*Directions:* What you give back must match the records below exactly, apart from the pictures, which are omitted.

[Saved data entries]
________________________

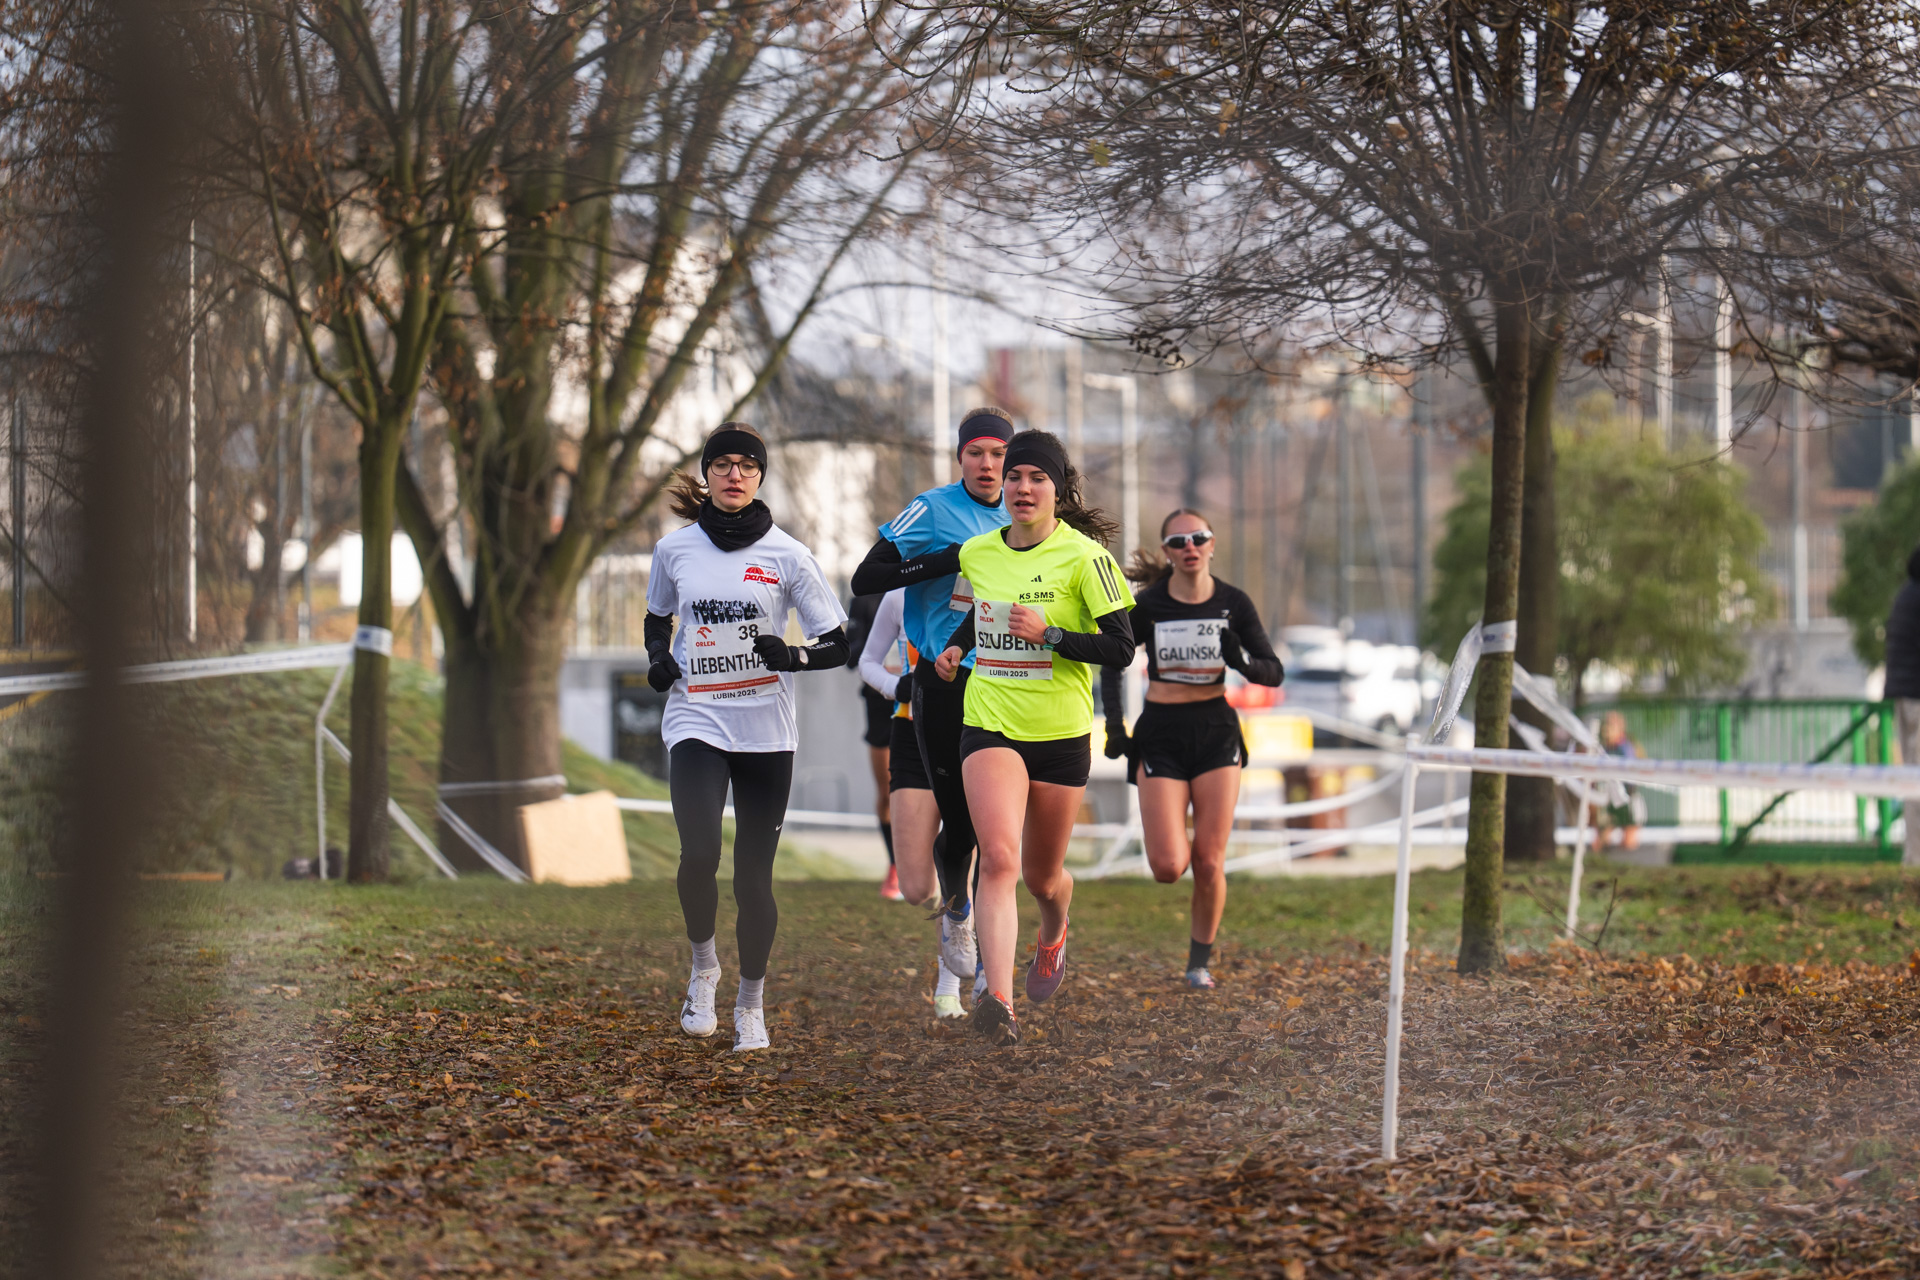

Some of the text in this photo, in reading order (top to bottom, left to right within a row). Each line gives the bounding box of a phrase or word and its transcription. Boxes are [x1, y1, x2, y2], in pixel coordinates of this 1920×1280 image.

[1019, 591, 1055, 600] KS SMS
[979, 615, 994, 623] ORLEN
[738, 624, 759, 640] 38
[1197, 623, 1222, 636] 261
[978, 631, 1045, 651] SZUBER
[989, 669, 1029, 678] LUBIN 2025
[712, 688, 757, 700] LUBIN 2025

________________________

*Task solution:*
Some of the text in this photo, in reading order (top to bottom, left to right within a row). Each line gives the bounding box of a phrase or word and its transcription. Boxes are [x1, y1, x2, y2], in pixel coordinates of this 1920×1280 image.

[1019, 591, 1055, 600] KS SMS
[979, 615, 994, 623] ORLEN
[738, 624, 759, 640] 38
[1197, 623, 1222, 636] 261
[978, 631, 1045, 651] SZUBER
[989, 669, 1029, 678] LUBIN 2025
[712, 688, 757, 700] LUBIN 2025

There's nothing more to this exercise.